DATA EXTRACTS:
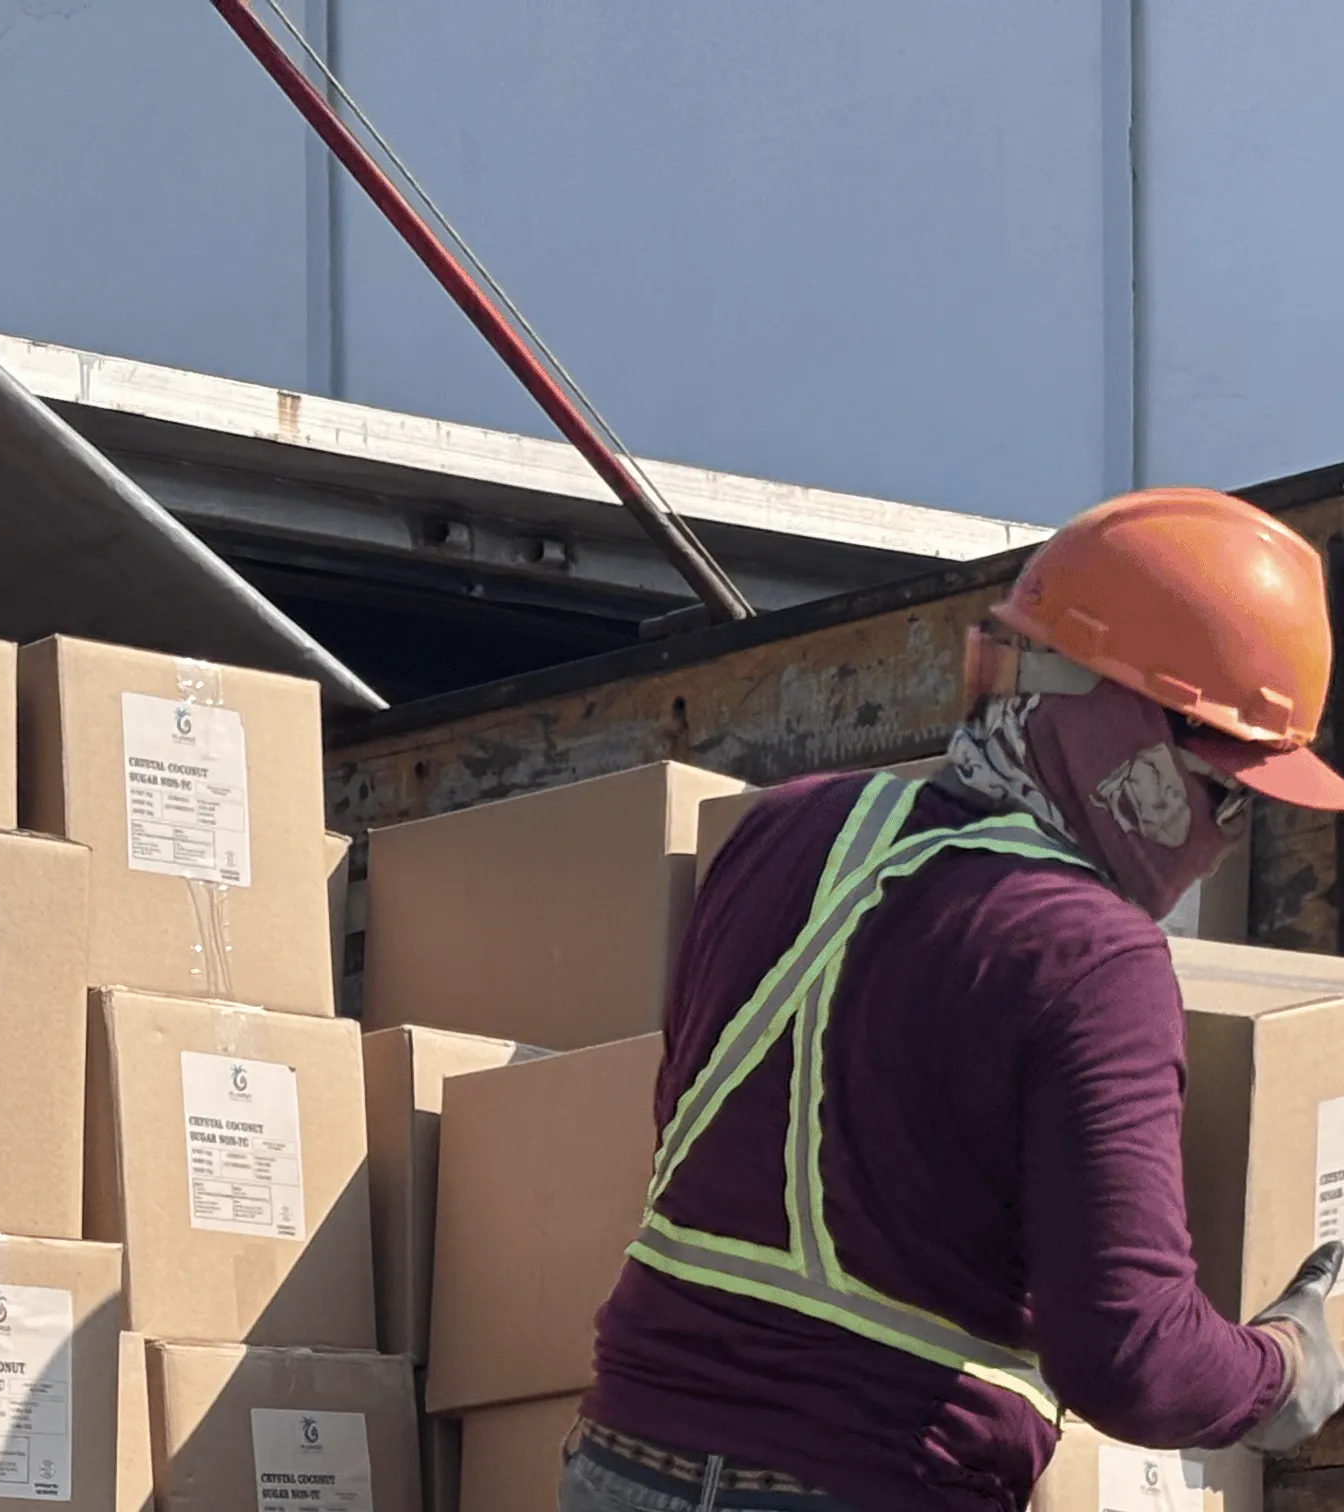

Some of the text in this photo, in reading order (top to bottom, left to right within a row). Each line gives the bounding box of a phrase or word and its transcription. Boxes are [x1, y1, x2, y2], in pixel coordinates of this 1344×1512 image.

[129, 757, 209, 778] CRYSTAL COCONUT
[129, 772, 158, 785] SUGAR
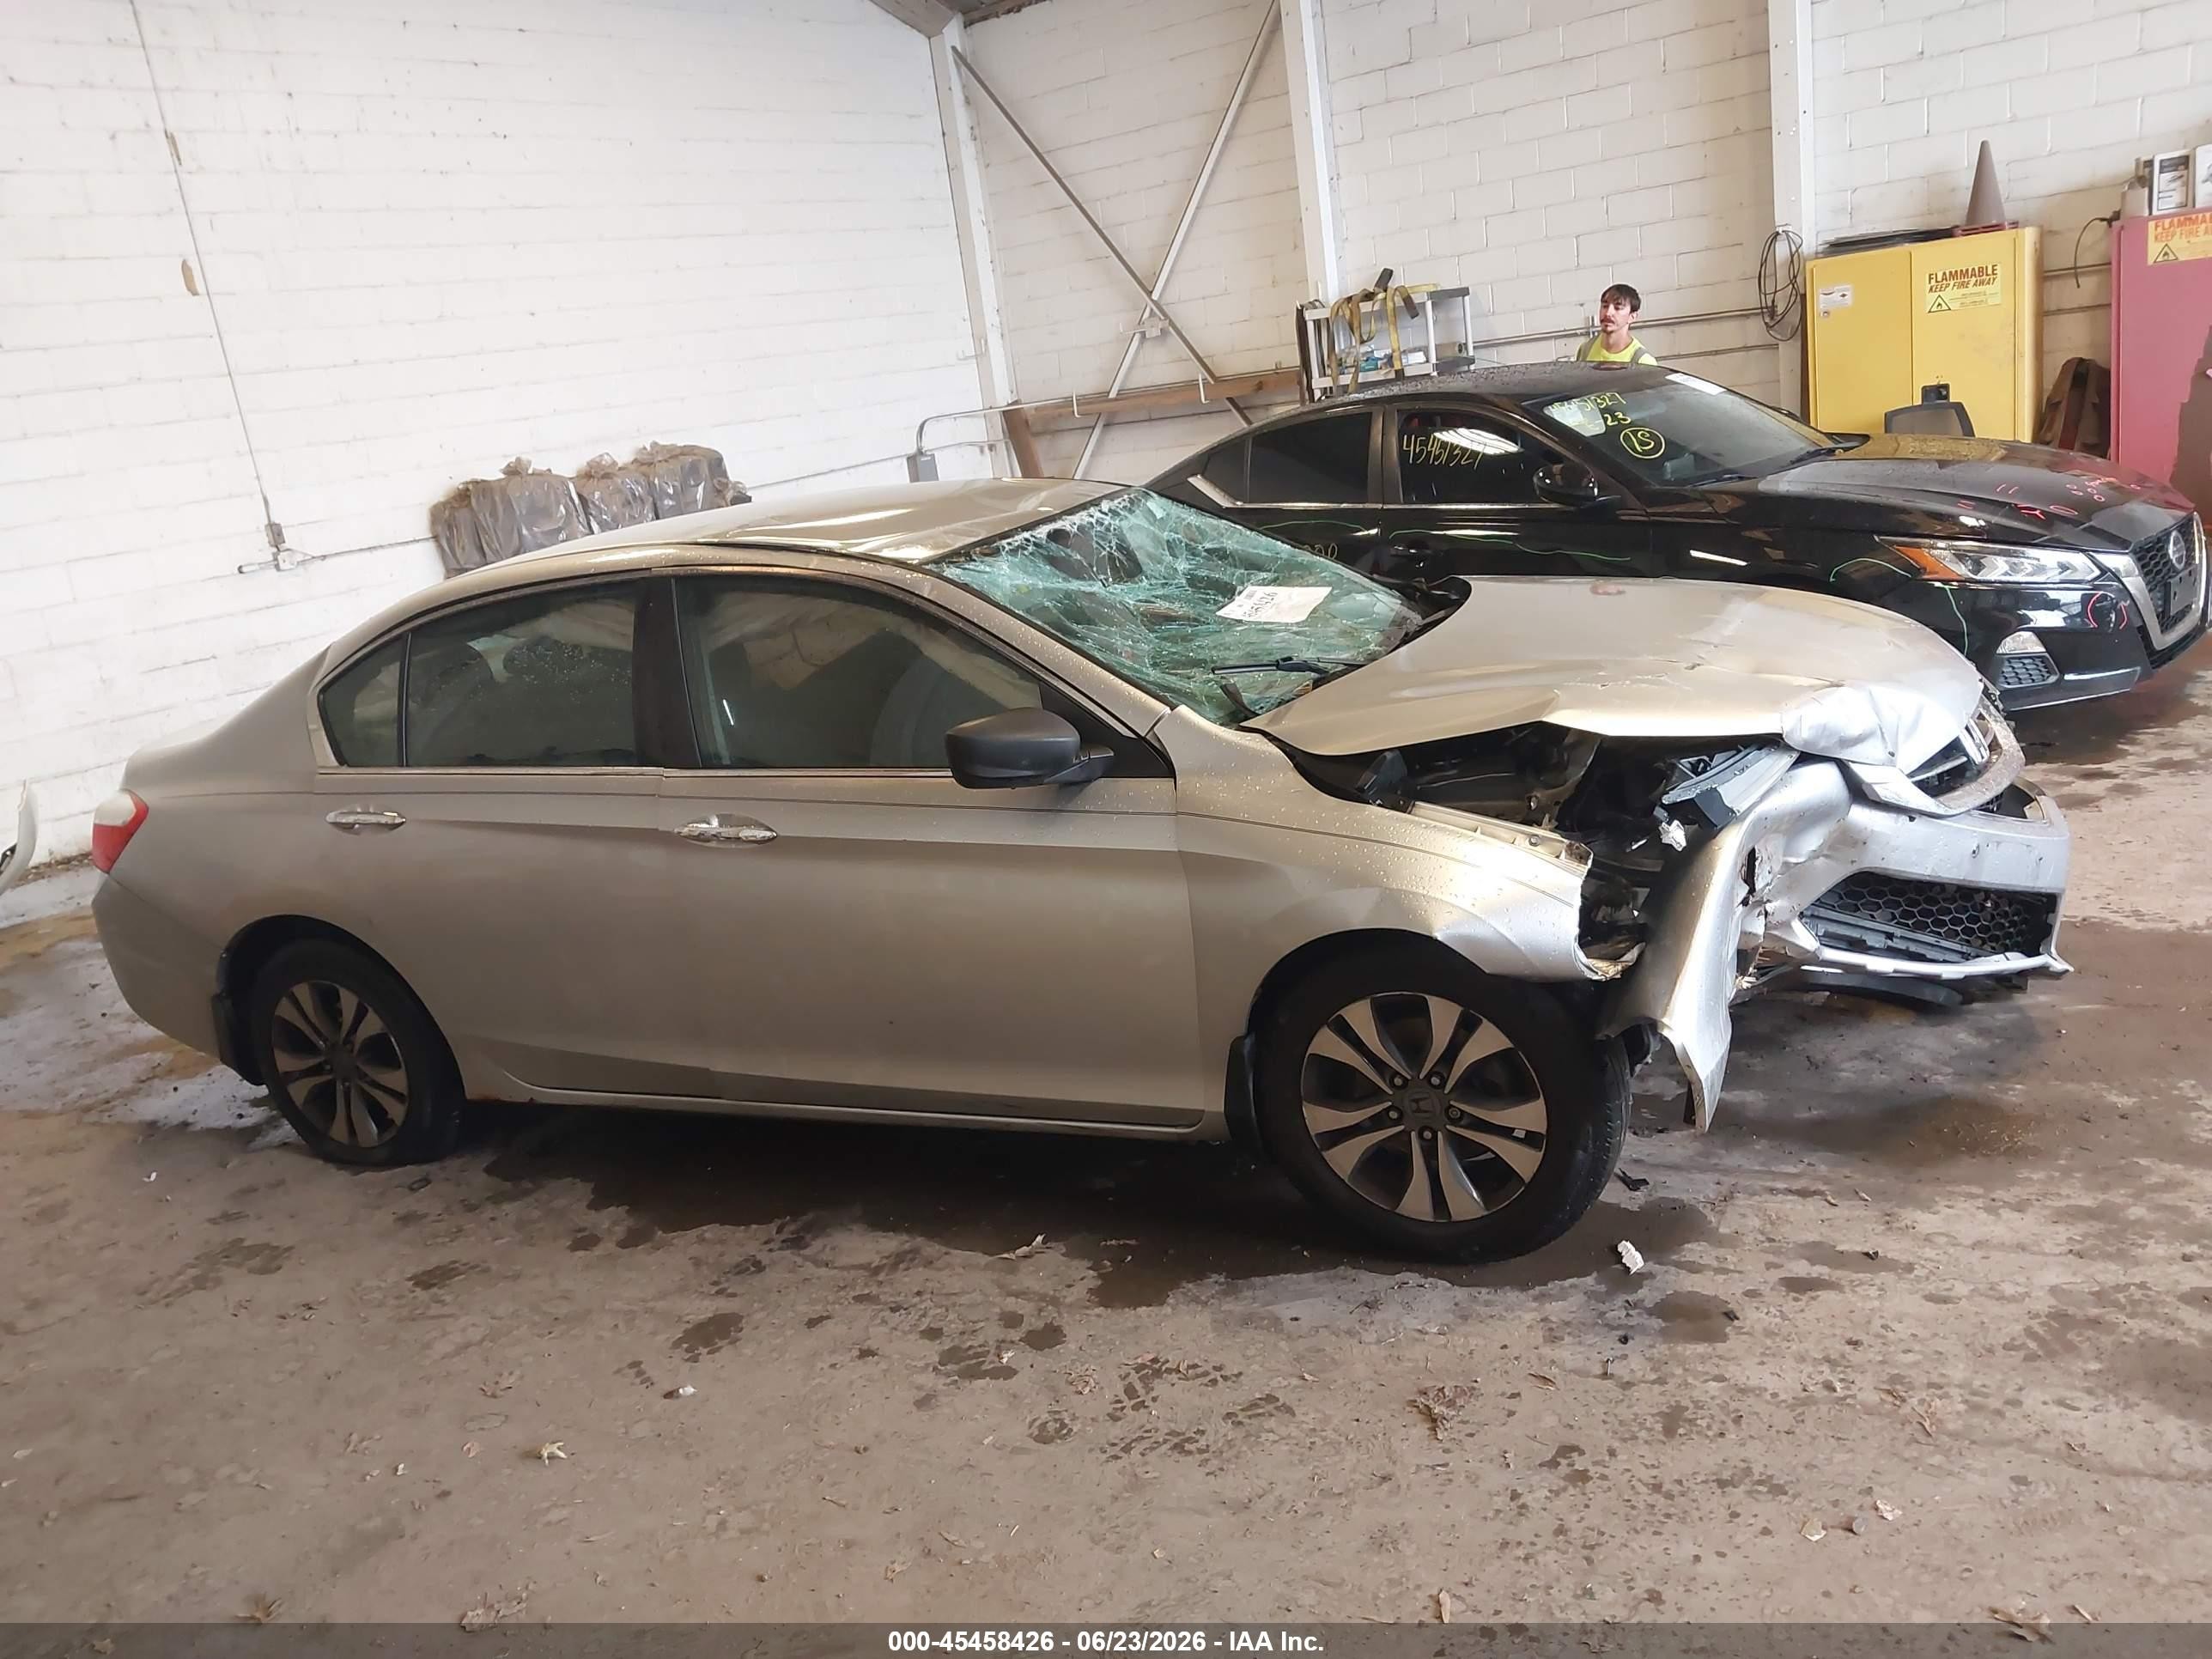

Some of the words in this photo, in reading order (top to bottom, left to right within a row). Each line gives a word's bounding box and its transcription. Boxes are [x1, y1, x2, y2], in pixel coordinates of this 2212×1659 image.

[2179, 227, 2201, 240] FIRE
[1928, 264, 1998, 284] FLAMMABLE
[1929, 283, 1950, 294] KEEP
[1952, 280, 1972, 290] FIRE
[1972, 276, 1997, 288] AWAY
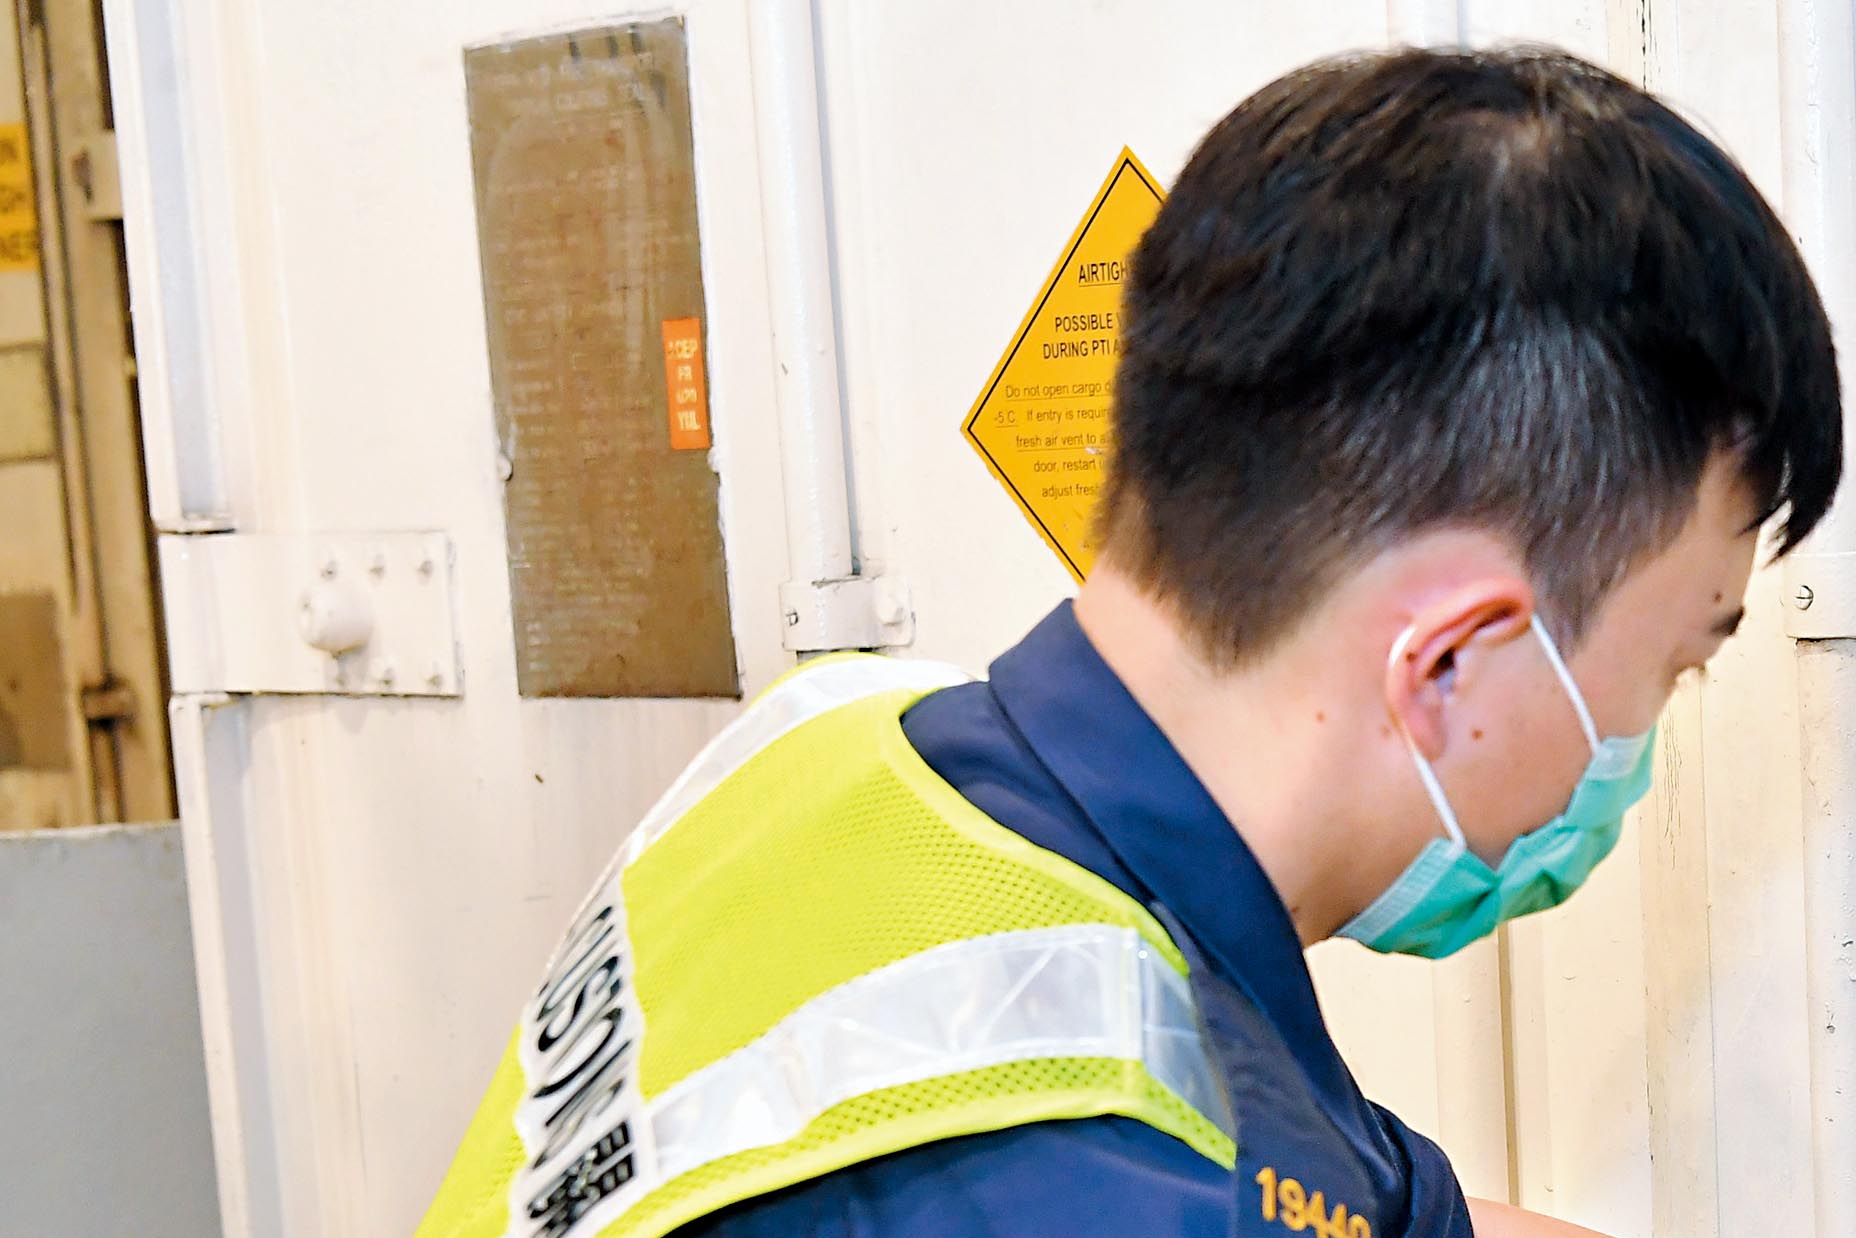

YOUR OBJECTIVE: Return, exactly and without extra lines, everything from the line with "Some of the words" through the last line of the material above, both included. Pictures must be dropped.

TASK SOLUTION:
Some of the words in this photo, in reading order (top to bottom, left to right within a row). Each line gives a word's bounding box and its transcription. Boxes are [x1, y1, x2, y2], in pixel coordinates of this 2212×1659 image.

[2179, 227, 2201, 240] FIRE
[1928, 264, 1998, 284] FLAMMABLE
[1929, 283, 1950, 294] KEEP
[1952, 280, 1972, 290] FIRE
[1972, 276, 1997, 288] AWAY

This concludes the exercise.